Edenton-Mackeys Ferry Co. v. Fairbanks-Morse & Co., 201 N.C. 485 (1931)

Oct. 21, 1931 · Supreme Court of North Carolina
201 N.C. 485

THE EDENTON-MACKEYS FERRY COMPANY v. FAIRBANKS-MORSE AND COMPANY.

(Filed 21 October, 1931.)

Sales H d — Held: seller waived conditions as to replacement of defective parts and acceptance of machinery and buyer could recover damages.

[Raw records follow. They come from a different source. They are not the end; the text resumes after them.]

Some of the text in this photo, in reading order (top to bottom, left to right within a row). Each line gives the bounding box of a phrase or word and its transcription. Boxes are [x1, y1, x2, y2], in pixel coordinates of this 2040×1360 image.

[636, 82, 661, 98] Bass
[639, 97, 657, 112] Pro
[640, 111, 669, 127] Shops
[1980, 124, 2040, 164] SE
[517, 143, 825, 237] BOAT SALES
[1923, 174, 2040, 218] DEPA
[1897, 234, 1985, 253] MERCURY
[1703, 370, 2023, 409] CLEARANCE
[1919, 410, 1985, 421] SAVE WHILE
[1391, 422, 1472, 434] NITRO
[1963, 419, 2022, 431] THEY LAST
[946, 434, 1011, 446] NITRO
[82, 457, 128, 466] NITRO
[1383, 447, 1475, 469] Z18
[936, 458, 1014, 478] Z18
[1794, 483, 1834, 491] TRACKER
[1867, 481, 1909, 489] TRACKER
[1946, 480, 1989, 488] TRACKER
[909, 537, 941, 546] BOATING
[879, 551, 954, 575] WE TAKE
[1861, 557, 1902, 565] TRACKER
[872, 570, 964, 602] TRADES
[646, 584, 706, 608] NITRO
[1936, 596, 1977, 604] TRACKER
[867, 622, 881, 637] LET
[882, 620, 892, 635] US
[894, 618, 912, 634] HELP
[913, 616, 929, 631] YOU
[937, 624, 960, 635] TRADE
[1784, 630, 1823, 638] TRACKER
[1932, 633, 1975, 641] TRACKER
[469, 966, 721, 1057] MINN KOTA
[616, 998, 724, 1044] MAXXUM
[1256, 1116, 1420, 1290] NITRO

Where the contract for the sale of machinery provides that in case any part is defective the seller should replace it with other suitable parts, and that the acceptance by the buyer of any part should be a waiver of damages due to delay and that the seller should be liable only for the rental value of other parts, and in the buyer’s action thereon the seller’s evidence is to the effect that the buyer, although aware of the defects of the machinery and that it did not come up to specifications, failed to demand replacements and accepted the machinery and paid the purchase price, and the buyer’s evidence discloses that the agents of the seller sent by it to adjust the matter, promised that “everything would be adjusted satisfactorily,” Held: the representations of the agents of the seller inducing the payment of the purchase price amounts to a waiver of the stipulations as to replacement of defective parts and as to the acceptance of the machinery, and the buyer may recover his damages under the rules for assessment of damages in such cases, and a verdict in the buyer’s favor in accordance therewith will be upheld.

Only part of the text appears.